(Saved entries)
===============

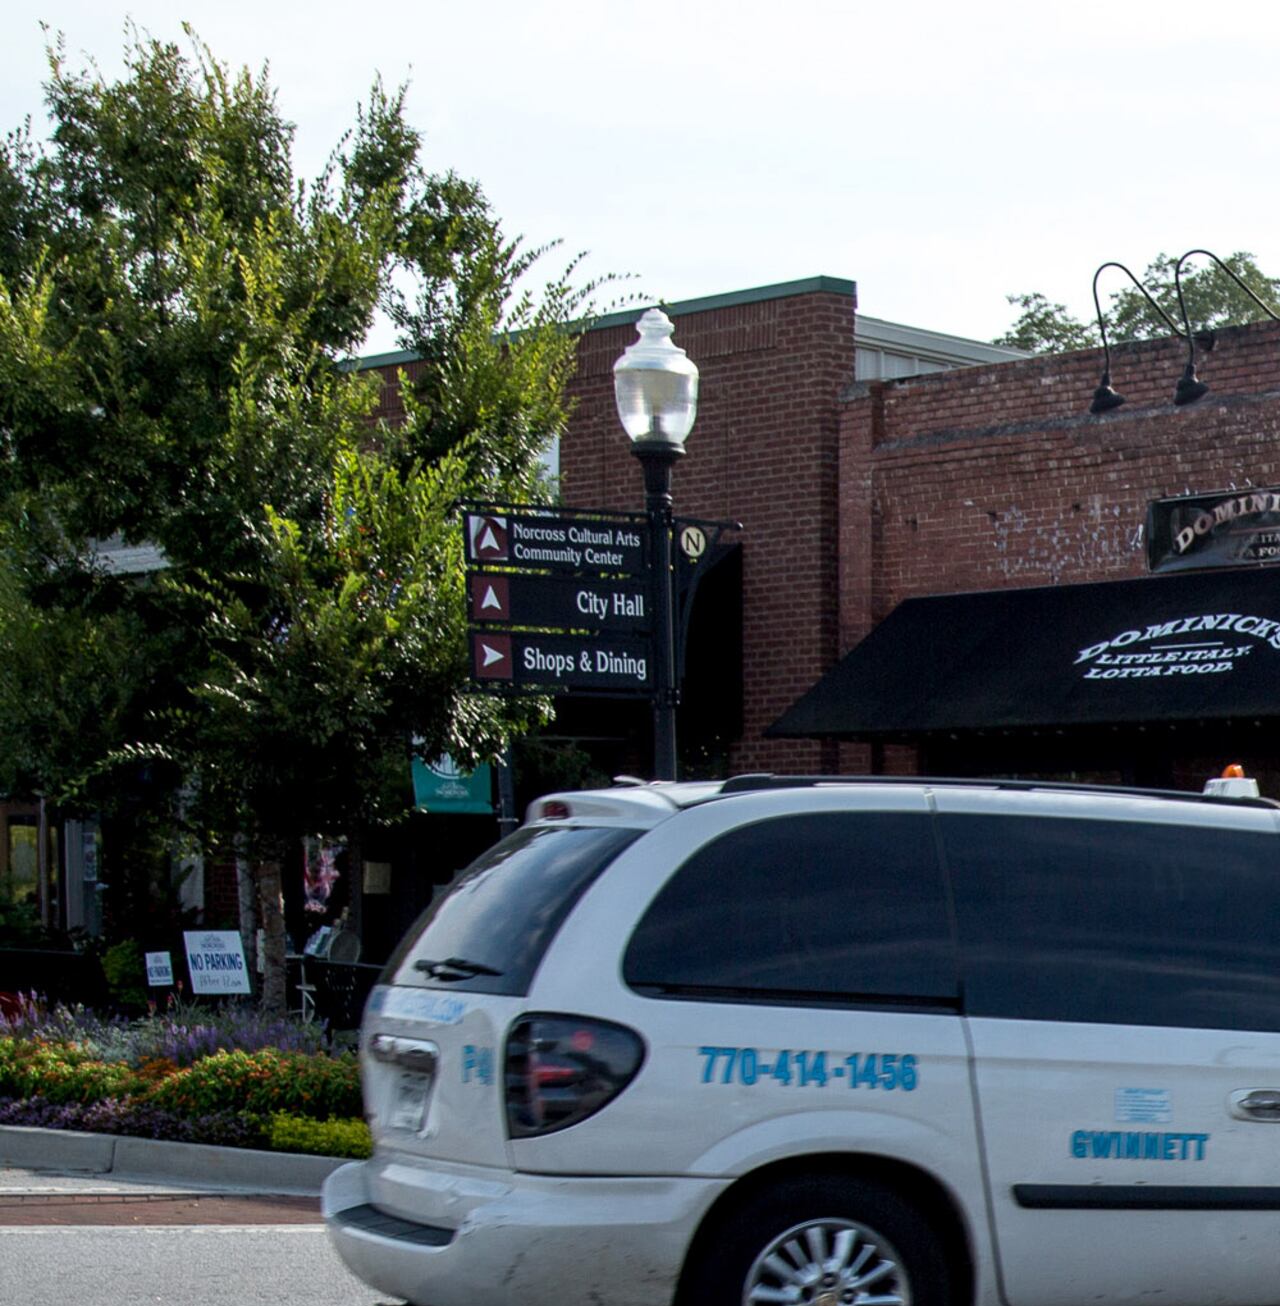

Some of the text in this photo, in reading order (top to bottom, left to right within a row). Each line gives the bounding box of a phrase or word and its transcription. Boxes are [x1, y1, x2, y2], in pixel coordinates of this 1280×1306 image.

[513, 523, 641, 547] Norcross Cultural Arts
[686, 532, 701, 553] N
[514, 544, 623, 567] Community Center
[576, 590, 645, 619] City Hall
[523, 647, 647, 681] Shops & Dining
[1096, 645, 1253, 665] LITTLE ITALY.
[1083, 666, 1163, 679] LOTTA
[190, 953, 243, 971] NO PARKING
[698, 1046, 918, 1091] 770-414-1456
[1071, 1130, 1211, 1161] GWINNETT

===============

* **WHAT YOU HAVE TO DO**: If a record holds a picture, leave the picture out, but repeat every line exactly.

* **ANSWER TO THIS PROBLEM**:
Some of the text in this photo, in reading order (top to bottom, left to right within a row). Each line gives the bounding box of a phrase or word and its transcription. Boxes are [x1, y1, x2, y2], in pixel coordinates of this 1280×1306 image.

[513, 523, 641, 547] Norcross Cultural Arts
[686, 532, 701, 553] N
[514, 544, 623, 567] Community Center
[576, 590, 645, 619] City Hall
[523, 647, 647, 681] Shops & Dining
[1096, 645, 1253, 665] LITTLE ITALY.
[1083, 666, 1163, 679] LOTTA
[190, 953, 243, 971] NO PARKING
[698, 1046, 918, 1091] 770-414-1456
[1071, 1130, 1211, 1161] GWINNETT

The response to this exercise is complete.